Input
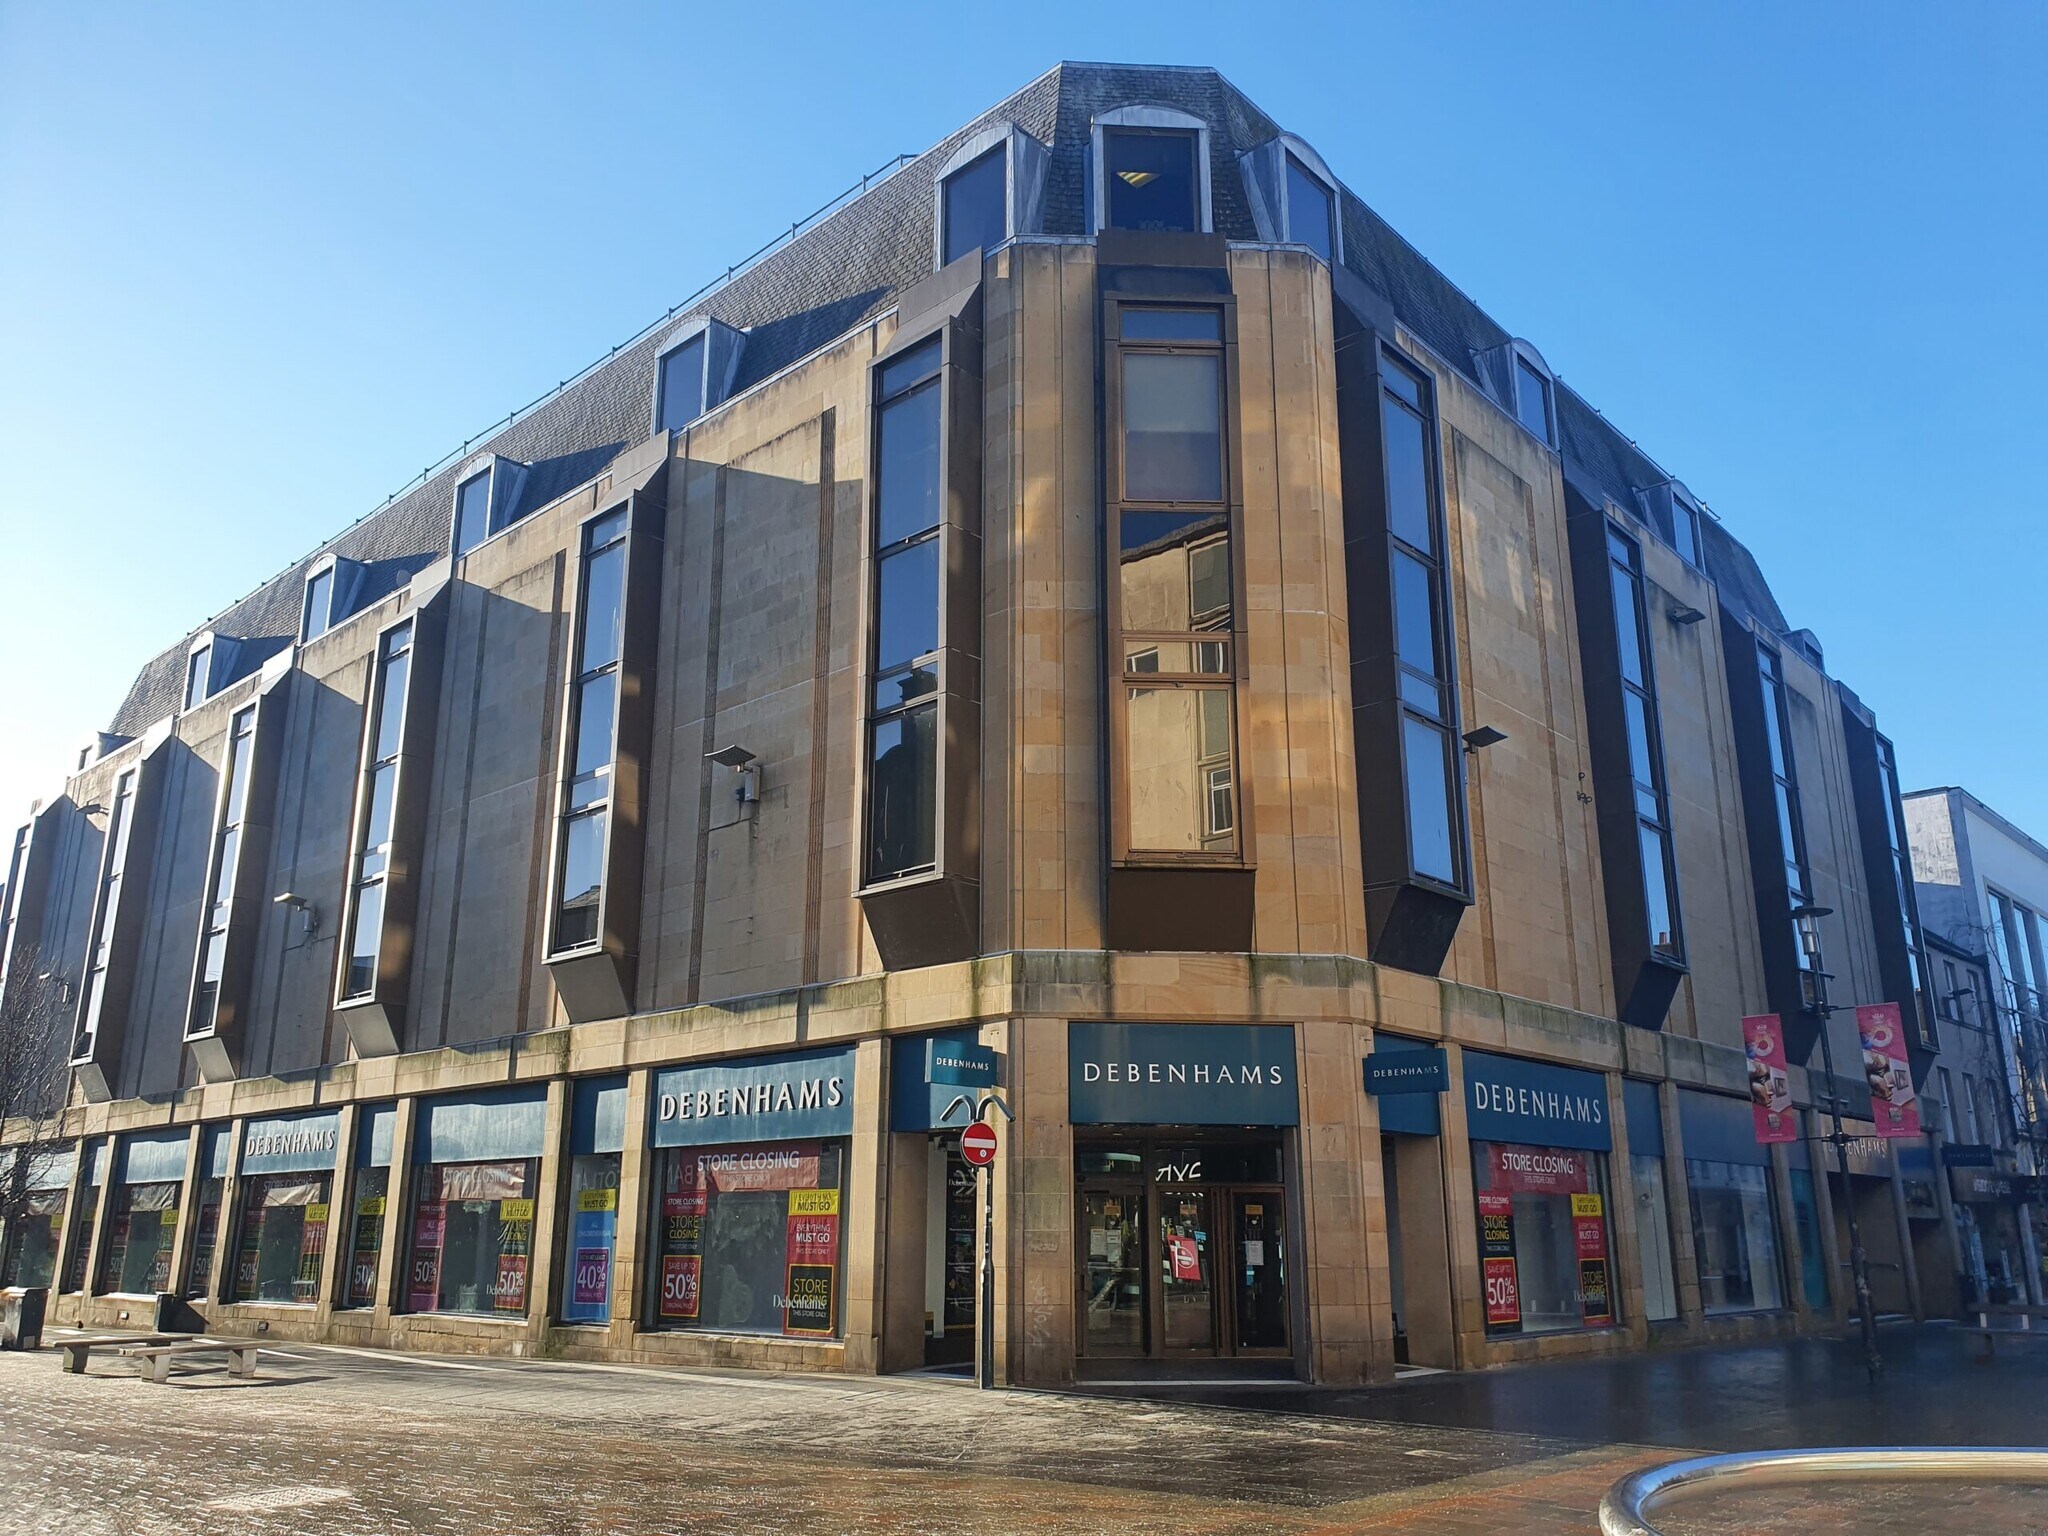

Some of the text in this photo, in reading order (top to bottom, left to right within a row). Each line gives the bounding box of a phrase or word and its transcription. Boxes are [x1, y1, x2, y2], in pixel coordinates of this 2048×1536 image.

[936, 1057, 989, 1071] DEBENHAMS
[1084, 1062, 1282, 1085] DEBENHAMS
[1374, 1065, 1439, 1078] DEBENHAMS
[660, 1076, 843, 1121] DEBENHAMS
[1475, 1082, 1601, 1124] DEBENHAMS
[247, 1129, 336, 1156] DEBENHAMS
[697, 1150, 799, 1171] STORE CLOSING
[1502, 1153, 1573, 1173] STORE CLOSING
[584, 1199, 608, 1208] MUST GO
[683, 1197, 703, 1205] CLOSING
[798, 1201, 830, 1211] MUST GO
[1478, 1196, 1491, 1204] STORE
[1577, 1204, 1597, 1212] MUST GO
[671, 1215, 699, 1229] STORE
[797, 1223, 831, 1231] EVERYTHING
[1484, 1215, 1508, 1229] STORE
[670, 1229, 698, 1239] CLOSING
[796, 1232, 830, 1242] MUST GO
[1485, 1230, 1509, 1240] CLOSING
[1579, 1230, 1600, 1239] MUST GO
[415, 1261, 437, 1282] 50%
[577, 1265, 606, 1289] 40%
[1583, 1271, 1604, 1284] STORE
[596, 1281, 605, 1289] OFF
[665, 1273, 697, 1299] 50%
[794, 1278, 828, 1294] STORE
[1488, 1277, 1514, 1305] 50%
[685, 1291, 697, 1299] OFF
[773, 1294, 827, 1309] Debenhams
[793, 1293, 828, 1306] CLOSING
[1506, 1295, 1516, 1304] OFF
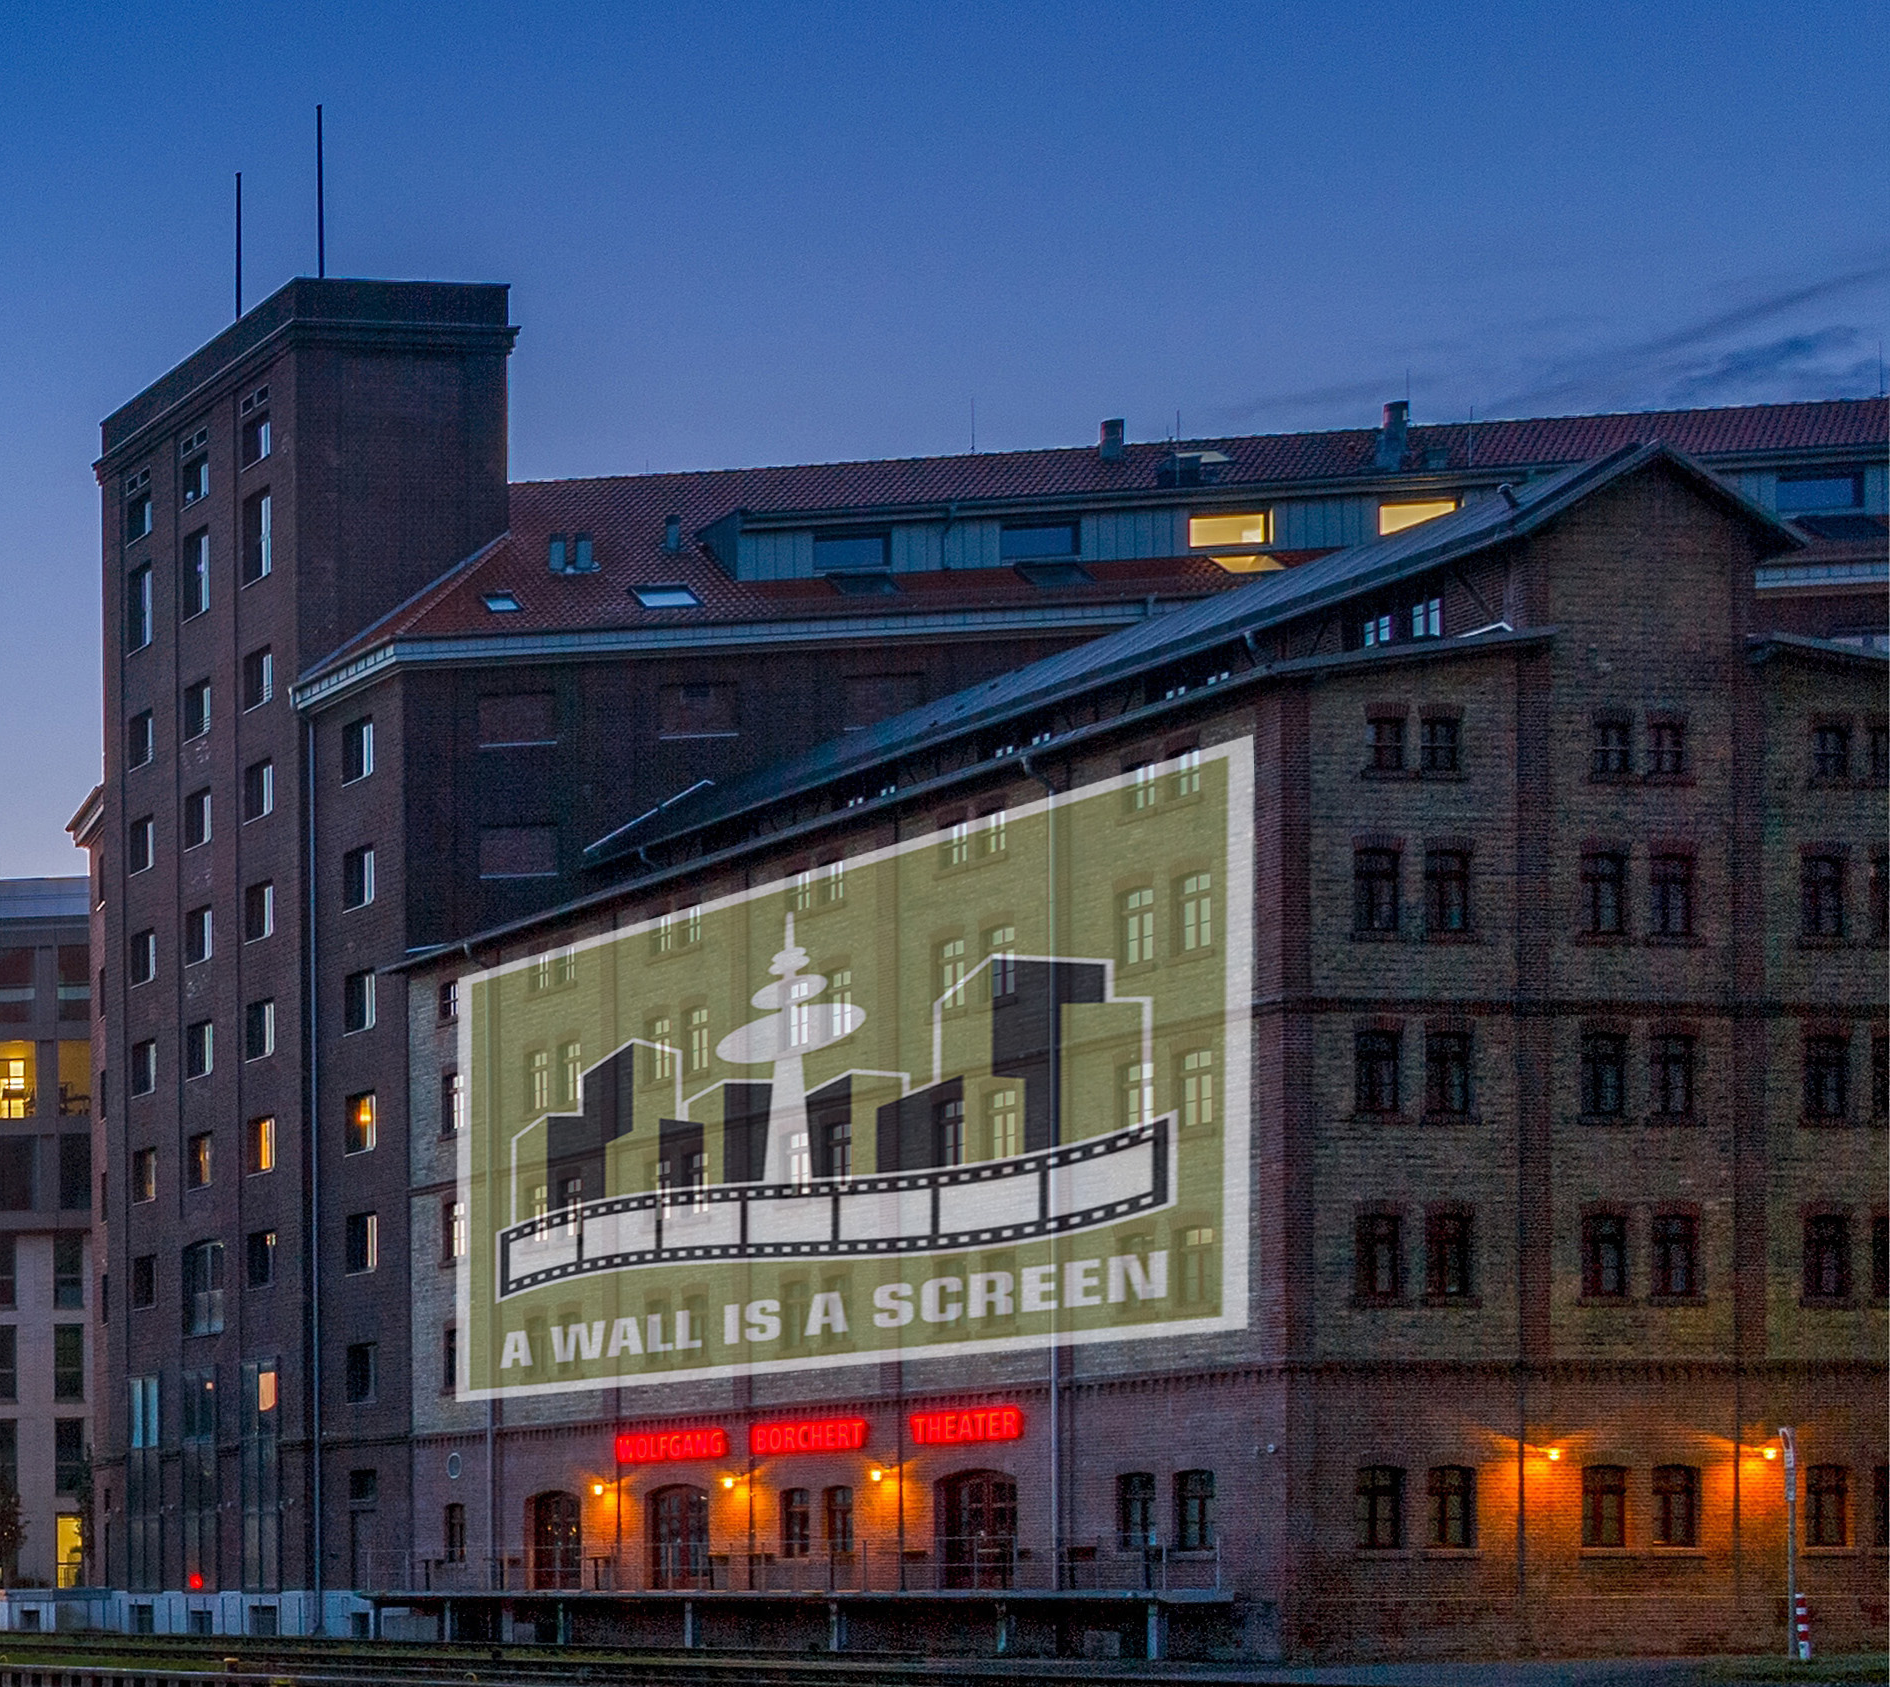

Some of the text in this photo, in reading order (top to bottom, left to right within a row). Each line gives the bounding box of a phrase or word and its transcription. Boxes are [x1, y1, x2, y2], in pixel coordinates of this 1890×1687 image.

[499, 1249, 1170, 1370] A WALL IS A SCREEN
[618, 1410, 1019, 1461] WOLFGANG BORCHERT THEATER

The task
Exactly the lines from the one with "this 1890×1687 image." through the end of the entries, both included, should be written out, and no others.

Written solution
Some of the text in this photo, in reading order (top to bottom, left to right within a row). Each line gives the bounding box of a phrase or word and its transcription. Boxes are [x1, y1, x2, y2], in pixel coordinates of this 1890×1687 image.

[499, 1249, 1170, 1370] A WALL IS A SCREEN
[618, 1410, 1019, 1461] WOLFGANG BORCHERT THEATER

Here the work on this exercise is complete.